**ACTIVITY**
Drop the pictures, then repeat every record exactly as it stands.

**Images for object localization**
§

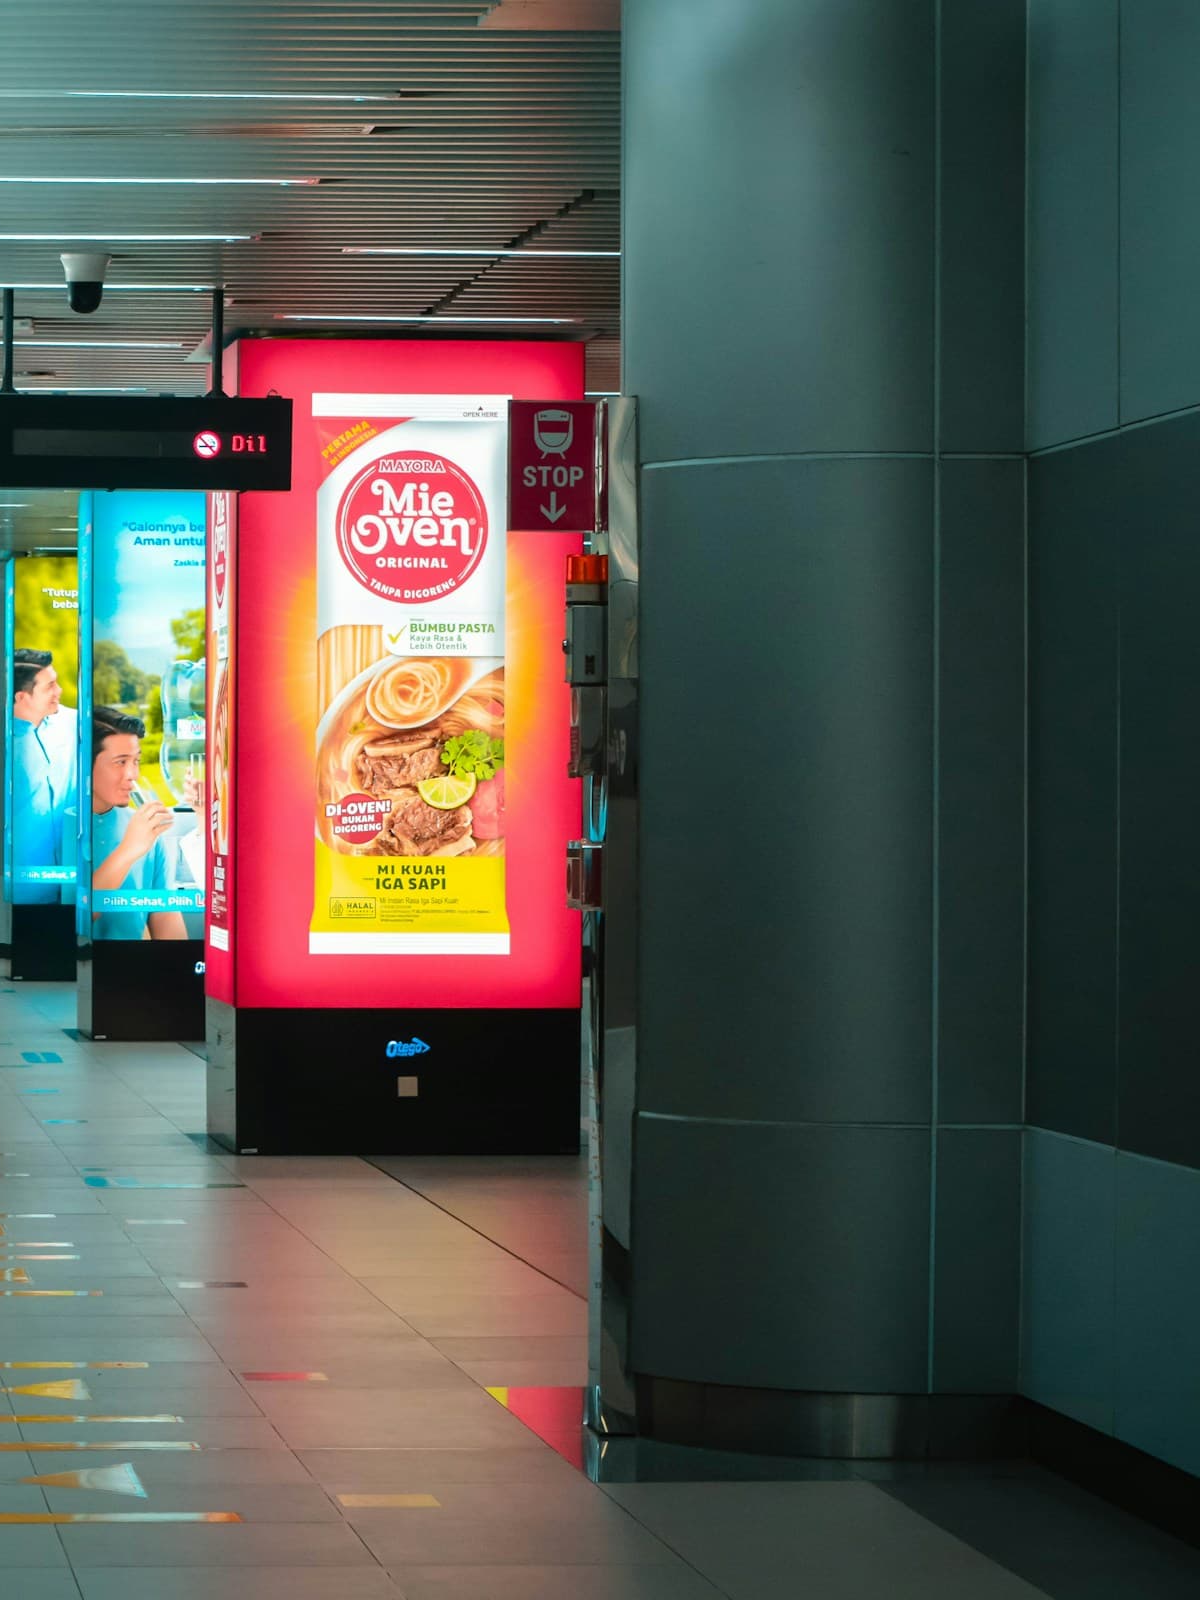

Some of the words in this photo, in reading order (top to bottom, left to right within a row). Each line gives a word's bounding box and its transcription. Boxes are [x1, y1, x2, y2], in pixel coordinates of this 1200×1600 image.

[232, 435, 267, 452] Dil
[321, 420, 370, 459] PERTAMA
[379, 460, 446, 473] MAYORA
[523, 466, 584, 488] STOP
[371, 479, 454, 517] Mie
[134, 536, 170, 546] Aman
[350, 514, 474, 555] Oven
[375, 557, 448, 569] ORIGINAL
[370, 578, 401, 598] TANPA
[404, 577, 457, 599] DIGORENG
[410, 623, 456, 633] BUMBU
[458, 623, 495, 633] PASTA
[410, 634, 431, 642] Kaya
[434, 634, 454, 642] Rasa
[325, 799, 392, 817] DI-OVEN!
[341, 814, 375, 825] BUKAN
[334, 823, 383, 834] DIGORENG
[378, 865, 395, 875] MI
[401, 865, 446, 875] KUAH
[376, 878, 404, 890] IGA
[408, 878, 447, 890] SAPI
[103, 894, 128, 906] Pilih
[130, 895, 165, 907] Sehat,
[168, 894, 193, 906] Pilih
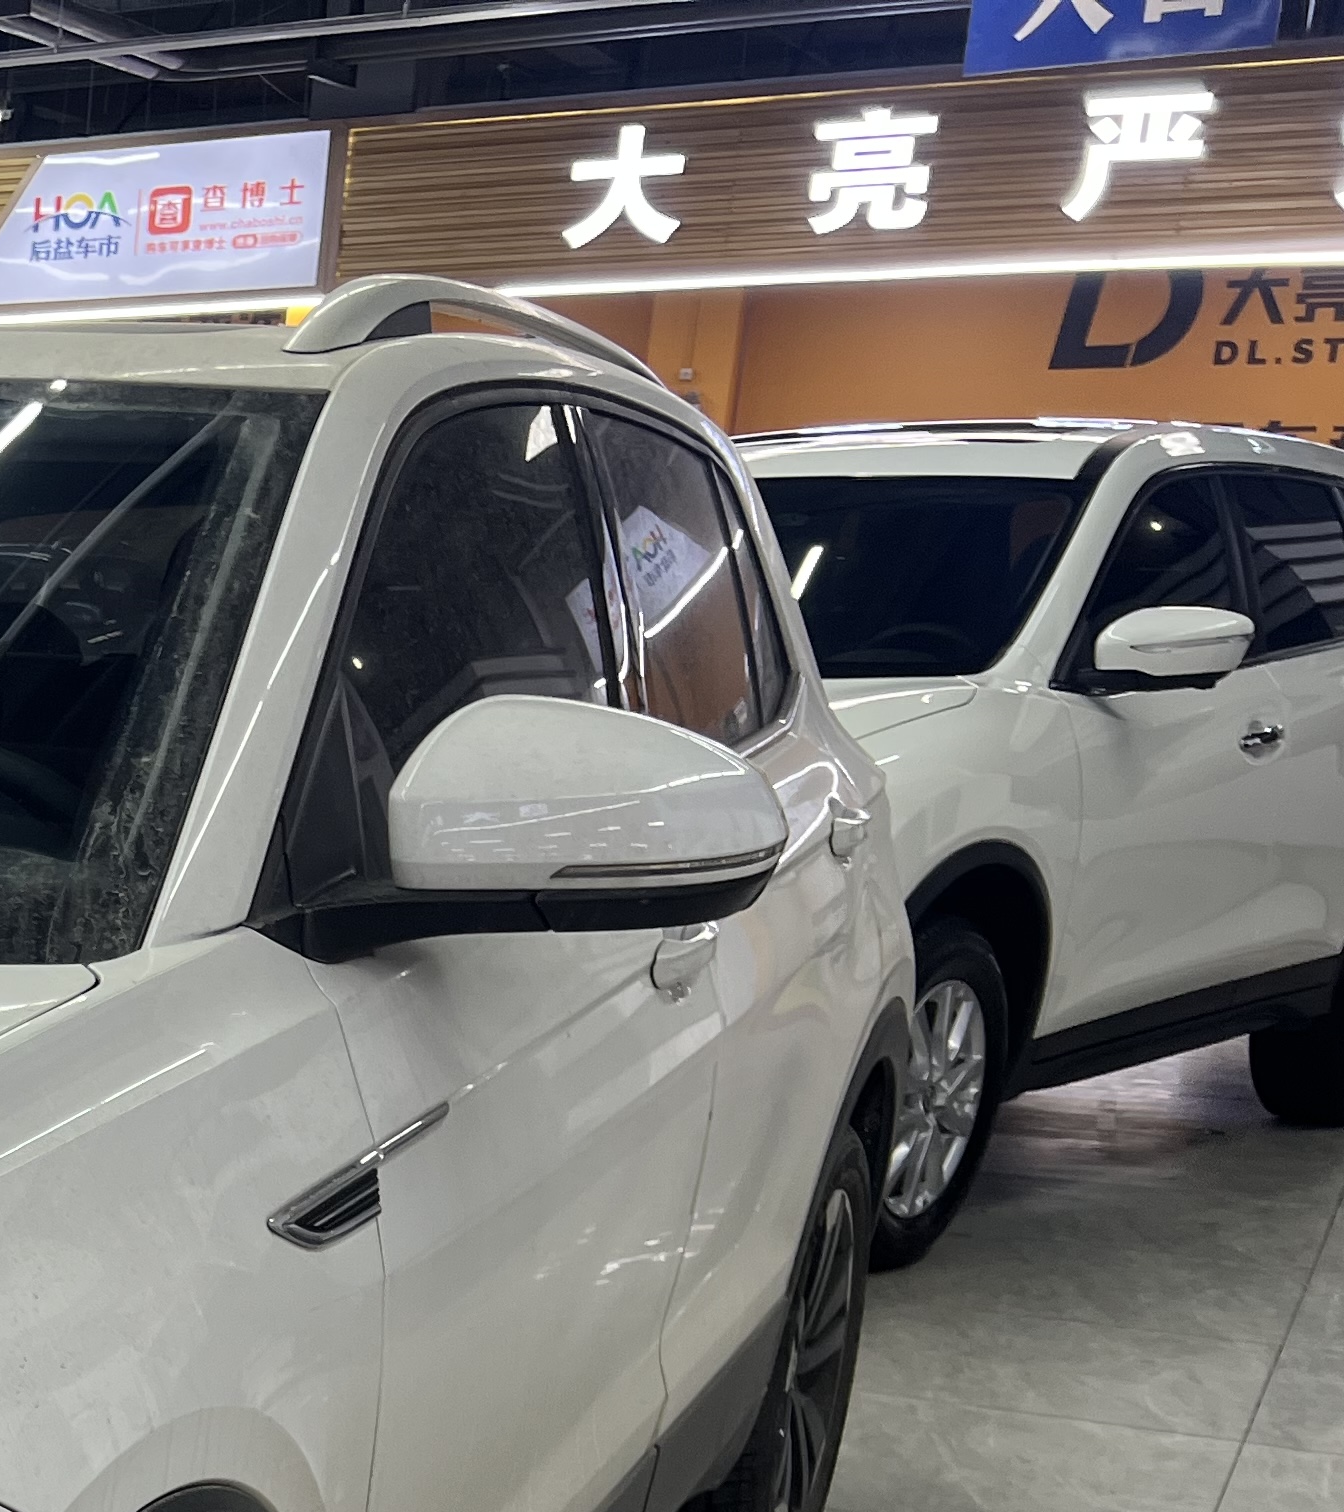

§

**WRITTEN SOLUTION**
Some of the words in this photo, in reading order (top to bottom, left to right within a row). Each line gives a word's bounding box and its transcription. Boxes are [x1, y1, x2, y2], in pixel coordinates of this 1200×1600 image.

[232, 435, 267, 452] Dil
[321, 420, 370, 459] PERTAMA
[379, 460, 446, 473] MAYORA
[523, 466, 584, 488] STOP
[371, 479, 454, 517] Mie
[134, 536, 170, 546] Aman
[350, 514, 474, 555] Oven
[375, 557, 448, 569] ORIGINAL
[370, 578, 401, 598] TANPA
[404, 577, 457, 599] DIGORENG
[410, 623, 456, 633] BUMBU
[458, 623, 495, 633] PASTA
[410, 634, 431, 642] Kaya
[434, 634, 454, 642] Rasa
[325, 799, 392, 817] DI-OVEN!
[341, 814, 375, 825] BUKAN
[334, 823, 383, 834] DIGORENG
[378, 865, 395, 875] MI
[401, 865, 446, 875] KUAH
[376, 878, 404, 890] IGA
[408, 878, 447, 890] SAPI
[103, 894, 128, 906] Pilih
[130, 895, 165, 907] Sehat,
[168, 894, 193, 906] Pilih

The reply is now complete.